If you run our completed example you should see something that looks like this:
c:\source\agentm-js\examples>yarn start filter-discography.ts
Filtering albums to the 80's...
Sorting albums chronologically...
Generating album details...
Title: Permanent Waves
Details: Permanent Waves is the seventh studio album by the Canadian rock band Rush, released on January 1, 1980. The album features a blend of progressive rock and new wave influences, showcasing the band's evolving sound with tracks like 'Spirit of Radio' and 'Freewill'.
Title: Moving Pictures
Details: 'Moving Pictures' is the eighth studio album by the Canadian rock band Rush, released on February 12, 1981. The album features some of the band's most popular songs, including 'Tom Sawyer' and 'Limelight', and is known for its blend of progressive rock and mainstream appeal.
Title: Signals
Details: 'Signals' is the thirteenth studio album by the Canadian rock band Rush, released on September 9, 1982. The album features a blend of progressive rock and new wave influences, showcasing the band's evolution in sound during the early 1980s.

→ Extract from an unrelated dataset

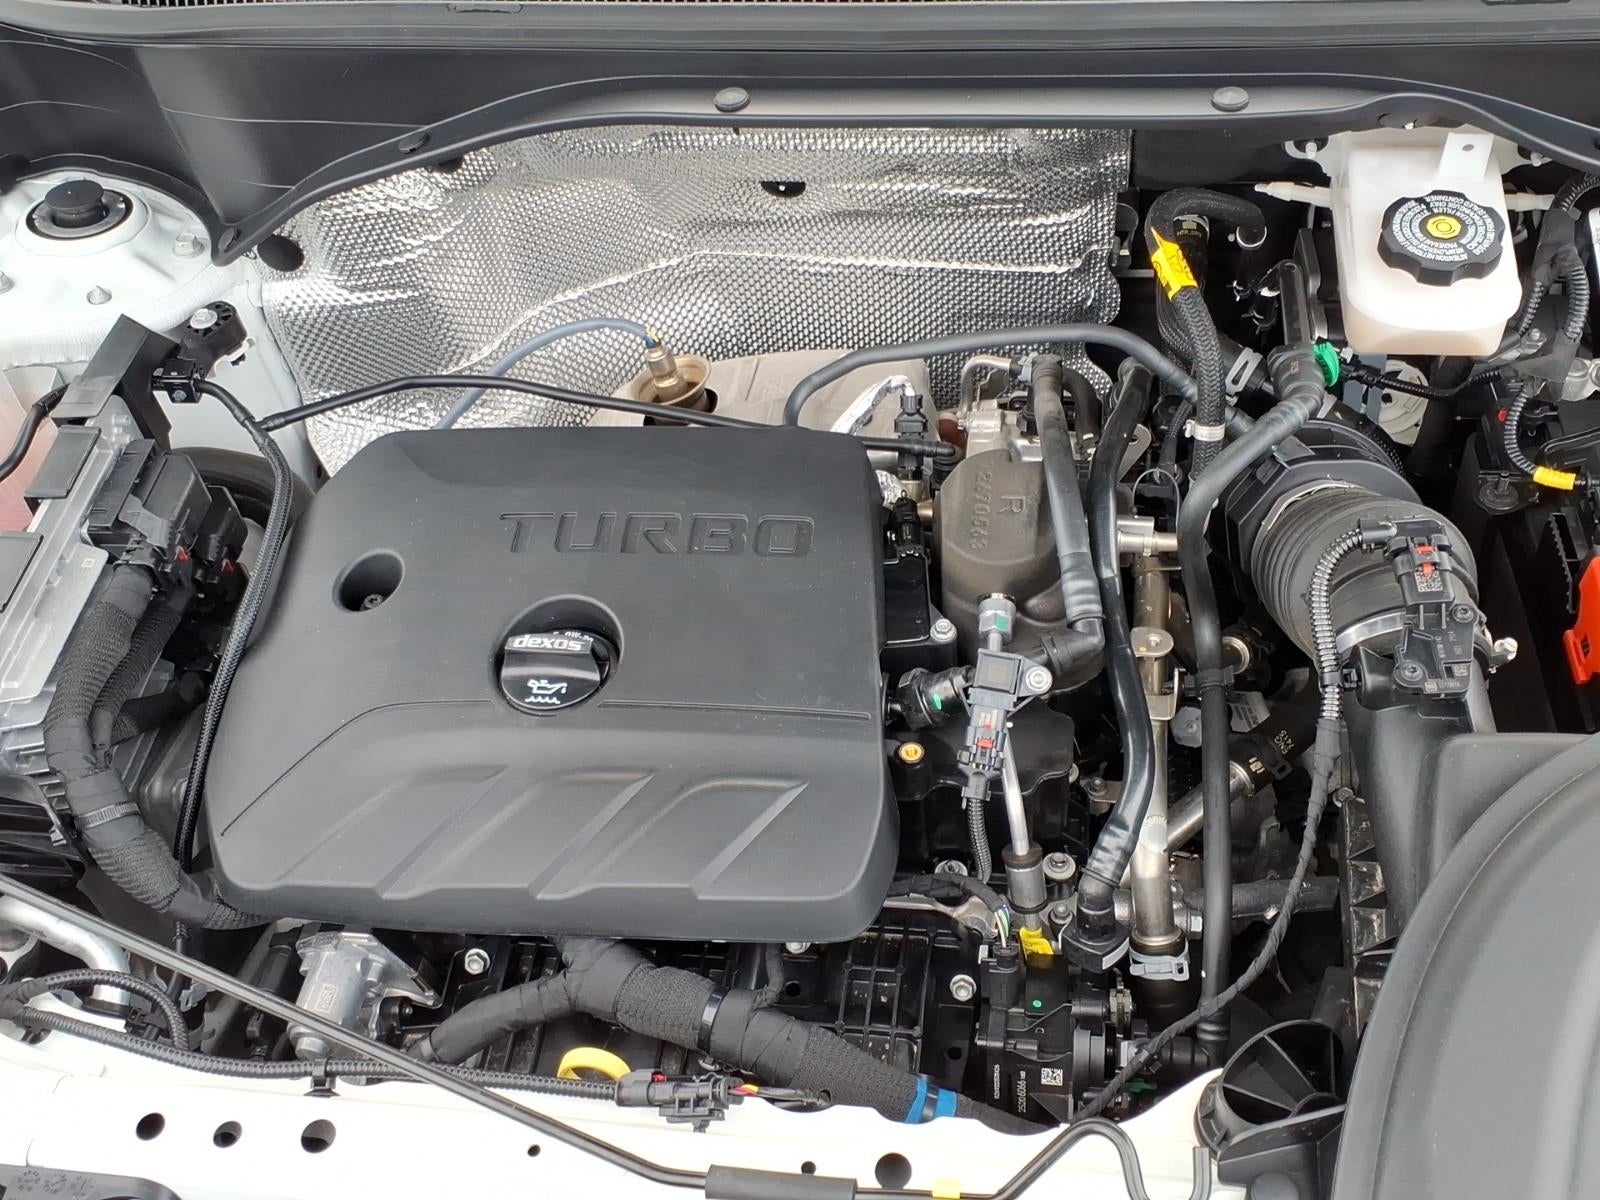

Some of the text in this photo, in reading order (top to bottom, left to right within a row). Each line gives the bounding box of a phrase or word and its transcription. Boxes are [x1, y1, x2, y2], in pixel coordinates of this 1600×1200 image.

Title: Grace Under Pressure
Details: 'Grace Under Pressure' is the tenth studio album by the Canadian rock band Rush, released on April 12, 1984. The album features a blend of progressive rock and new wave influences, showcasing the band's evolution in sound during the 1980s. It includes notable tracks such as 'Distant Early Warning' and 'The Body Electric.'
Title: Power Windows
Details: Power Windows is the eleventh studio album by Canadian rock band Rush, released on October 29, 1985. The album features a blend of progressive rock and synthesizer-driven sound, showcasing the band's evolution in the 1980s.
Title: Hold Your Fire
Details: 'Hold Your Fire' is the twelfth studio album by the Canadian rock band Rush, released on September 21, 1987. The album features a blend of progressive rock and synthesizer-driven sound, showcasing the band's evolution in style during the late 1980s.
Title: Presto
Details: Presto is the thirteenth studio album by the Canadian rock band Rush, released on November 21, 1989. The album features a blend of progressive rock and more accessible pop elements, showcasing the band's evolution in sound during the late 1980s.